There is a discussion of Karl Popper on the Philosophy Talk now podcast which is from October 2006. The podcast is divided into a number of sections – for me the main ones were the central discussions with a number of philosophers and scientists. The program is interspersed with music and phone-ins from listeners.
‘The reason we believe things is because they haven’t been disproved’
The hosts of this podcast take us through some of Popper’s early biography. What was fascinating was that here was another influential figure coming out of Vienna and when we look more closely we see that he was actually a research assistant with Adler, who’s individual psychology was examined earlier in an earlier book review in this blog, where I thought that Freud and Nietzsche appeared to have had some influence on the contents of the book (although this was not by Adler himself).
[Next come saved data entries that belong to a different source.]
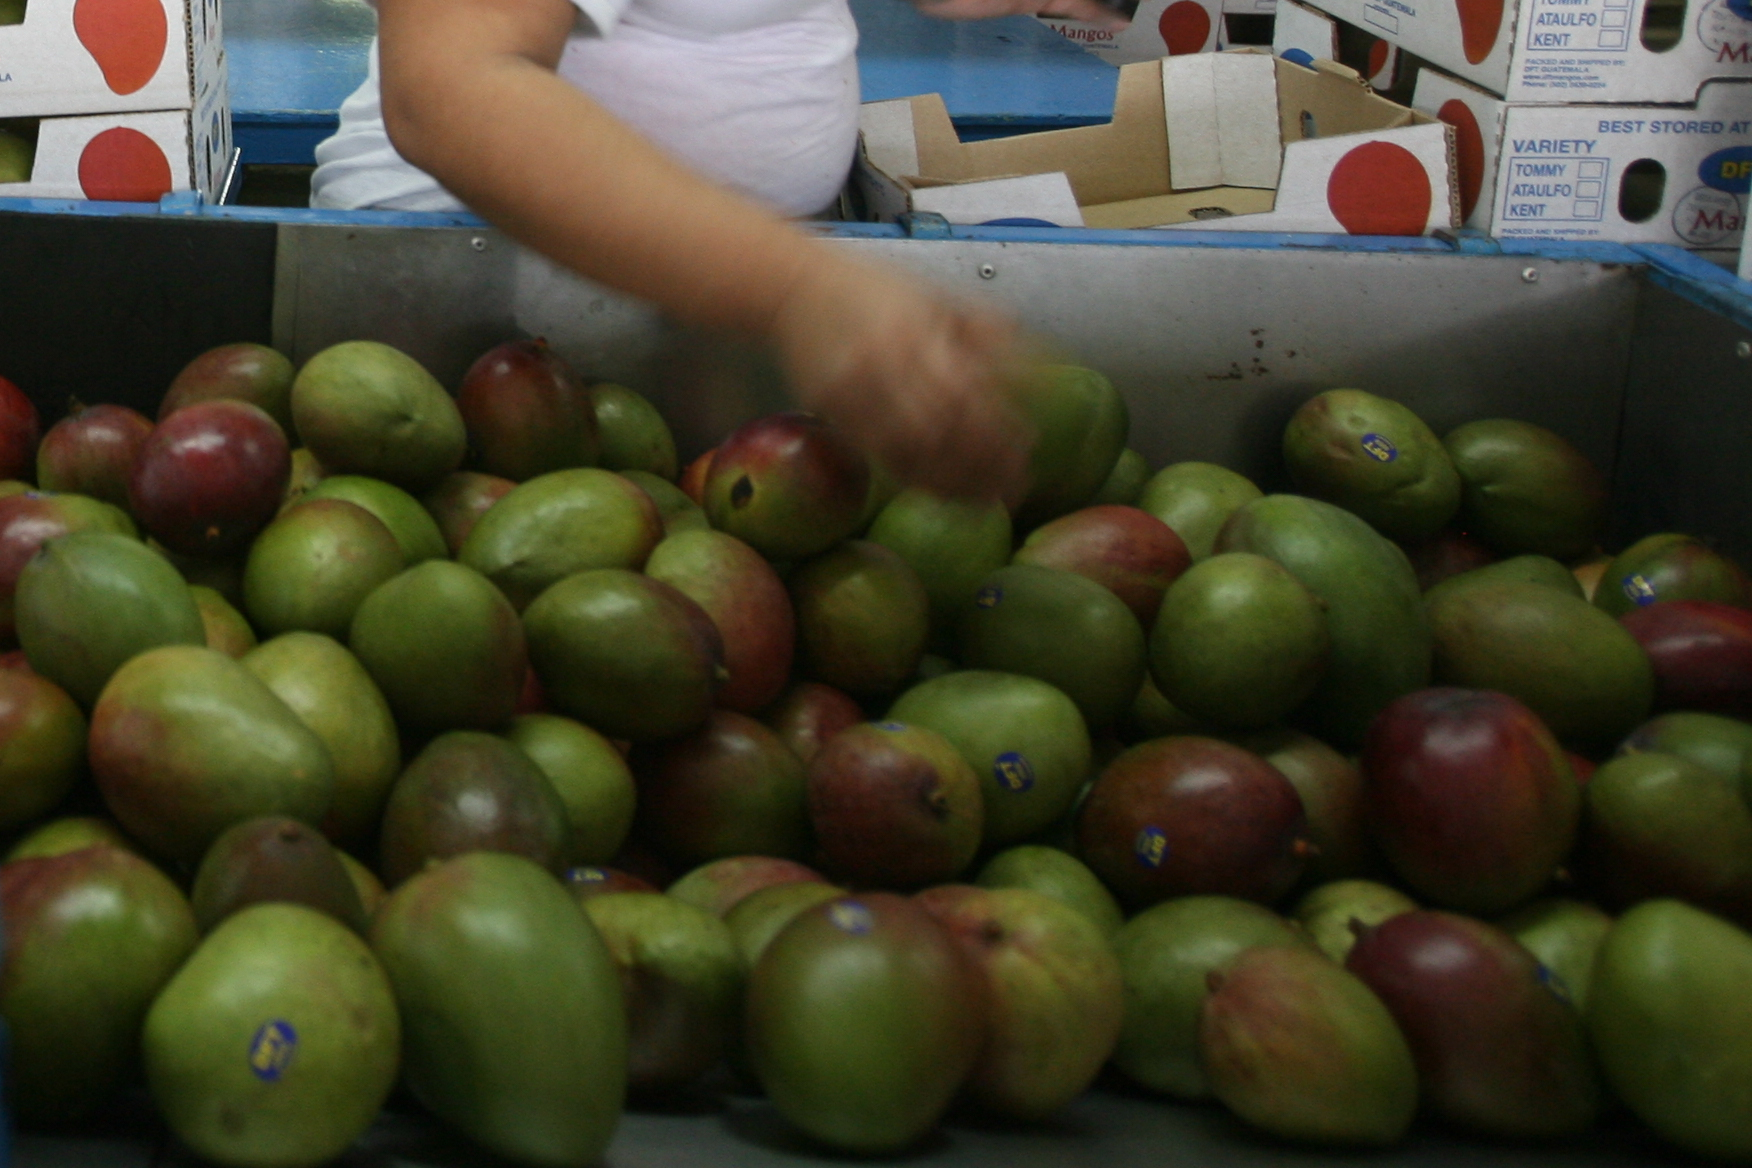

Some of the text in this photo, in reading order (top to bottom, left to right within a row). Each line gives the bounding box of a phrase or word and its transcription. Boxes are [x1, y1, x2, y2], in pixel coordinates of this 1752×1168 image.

[1536, 12, 1597, 27] ATAULFO
[1534, 33, 1571, 47] KENT
[1598, 120, 1645, 134] BEST
[1651, 120, 1725, 134] STORED
[1513, 139, 1596, 154] VARIETY
[1516, 163, 1565, 177] TOMMY
[1512, 183, 1572, 197] ATAULFO
[1510, 203, 1546, 217] KENT
This is not surprising as Freud was also living in Vienna at this time as were the logical positivists and Wittgenstein. As there was considerable poverty in Vienna at that time, Marxist philosophy was quite pervasive and apparently Popper himself was a Marxist for a brief period. The other key event that happened at that time was that Einstein’s theory was tested and proved successful overturning some of the notions about the Ether that had persisted since the time of Newton. Since the theories of Freud, Adler and Marx were thought to create a comprehensive science that explained all parts of peoples’ lives, the significance of Einstein’s theory was taken by Popper to mean that there needed to be a means of distinguishing between science and non-science. His solution was to argue that falsifiability was sufficient for science – in other words that theory was scientific if it could be stated in way that could be falsified and remained valid until there was falsification. He had also come up with the concept of prescience – that is something which is not yet science but which can later be established as science when it becomes possible. Popper was also contrasted with the logical positivists for whom anything that was not provable was meaningless as opposed to simply being ‘non-scientific’.
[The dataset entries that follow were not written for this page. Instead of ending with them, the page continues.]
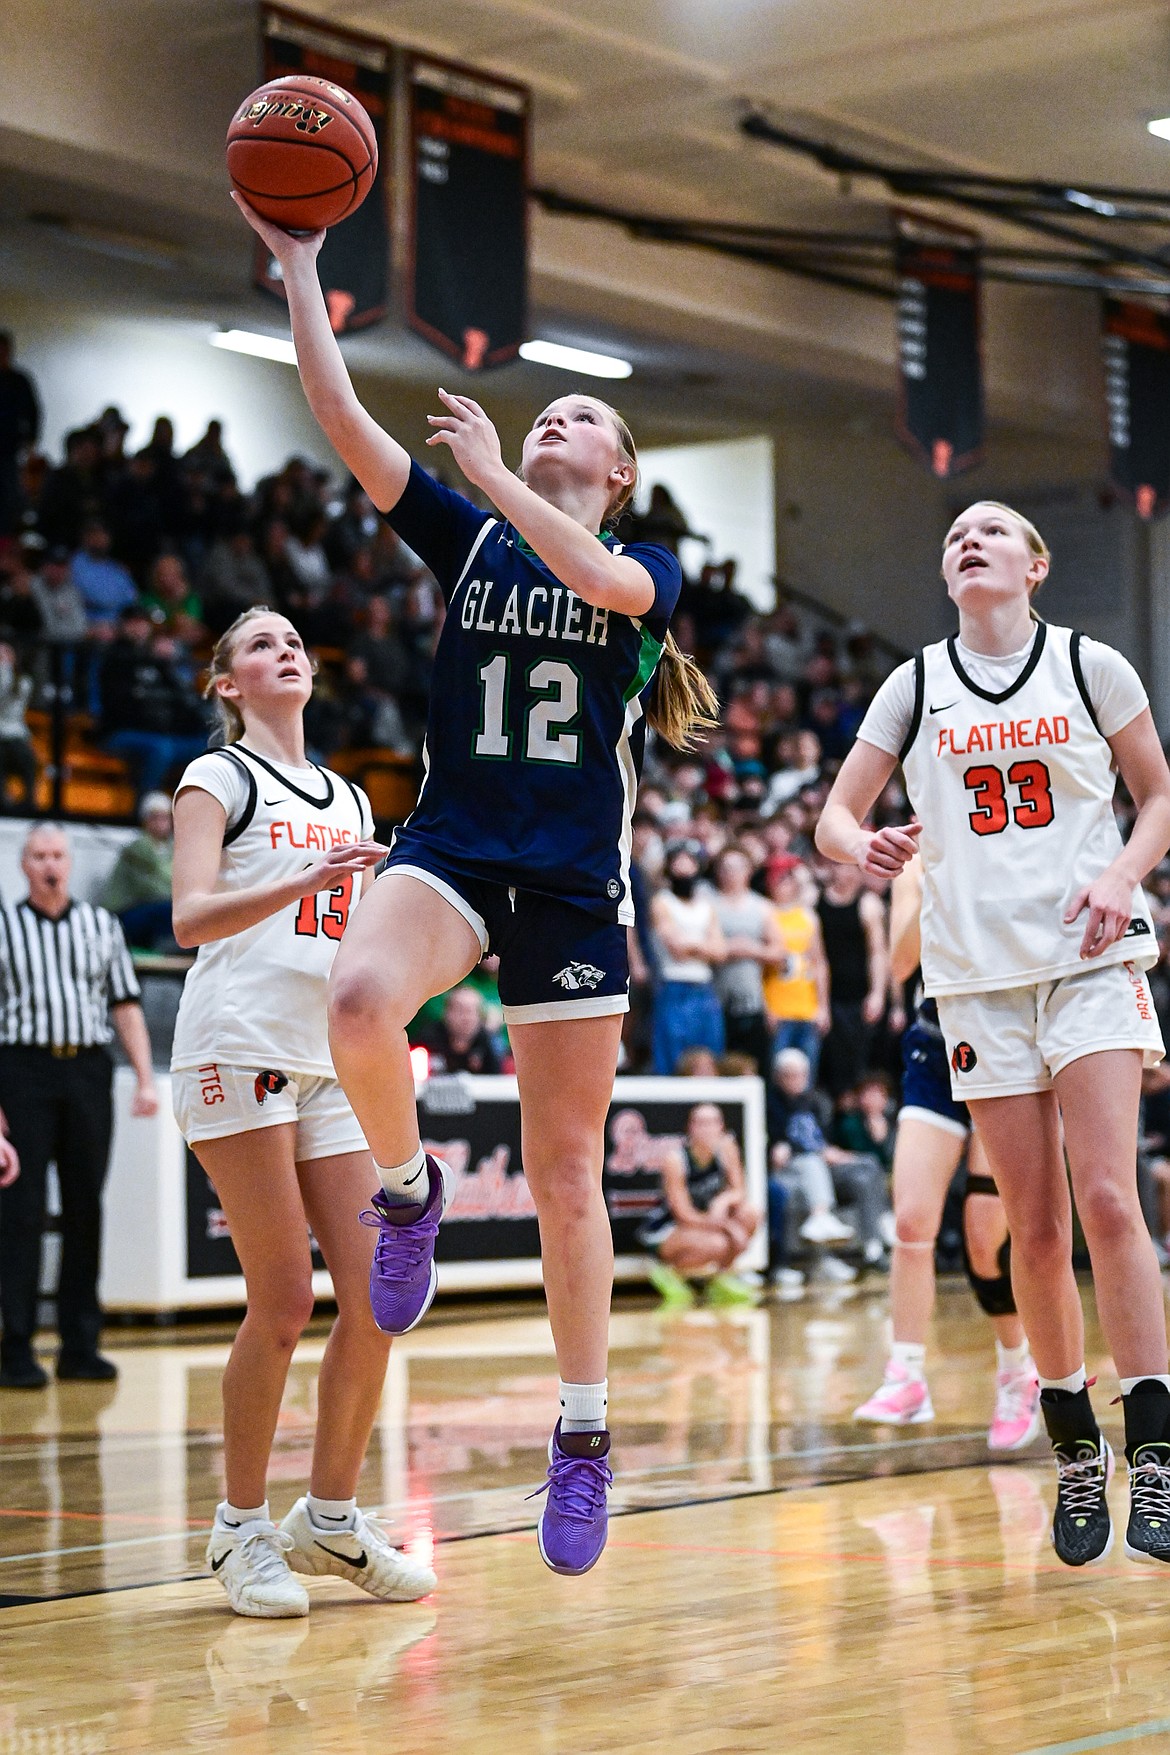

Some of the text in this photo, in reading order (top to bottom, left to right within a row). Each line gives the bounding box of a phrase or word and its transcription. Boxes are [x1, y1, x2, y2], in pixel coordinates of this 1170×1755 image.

[461, 579, 609, 646] GLACIER
[471, 651, 583, 768] 12
[937, 716, 1070, 757] FLATHEAD
[963, 759, 1055, 837] 33
[269, 821, 358, 852] FLATHE
[295, 862, 354, 942] 13
One scientist – Peter Godfrey Smith who was interviewed during the program suggested that science progresses not just through the data and the theory but in three ways between two opposing theories and the data that emerges. Falsification of one theory works if the opposing theory can better explain the data which seems to be a description of the Hegelian Dialect. He later made the point that the falsification is usually not so clear cut and that a best-fit approach is used instead.
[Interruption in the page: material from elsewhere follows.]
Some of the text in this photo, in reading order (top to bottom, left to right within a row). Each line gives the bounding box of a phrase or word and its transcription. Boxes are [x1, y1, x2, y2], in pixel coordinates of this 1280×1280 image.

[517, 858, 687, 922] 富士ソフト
Returning to Popper’s life – he had lived close to Wittgenstein although they moved in different social spheres and thus didn’t meet until Wittgenstein invited him to Cambridge where the now infamous poker episode took place. Despite Popper’s reliance on deductive processes, the hosts describe ‘a whiff of induction’ as a necessity (I wonder if this was also necessary for Popper’s works!) in creating the bold conjecture which needs to be tested. There follows a discussion of Thomas Kuhn’s work on the philosophy of science and how this contrasted with Popper’s viewpoint. There are also some comments on Popper’s views on the open society.
The podcast makes some of Popper’s ideas very accessible and it would be good to see further podcasts exploring Popper’s ideas further.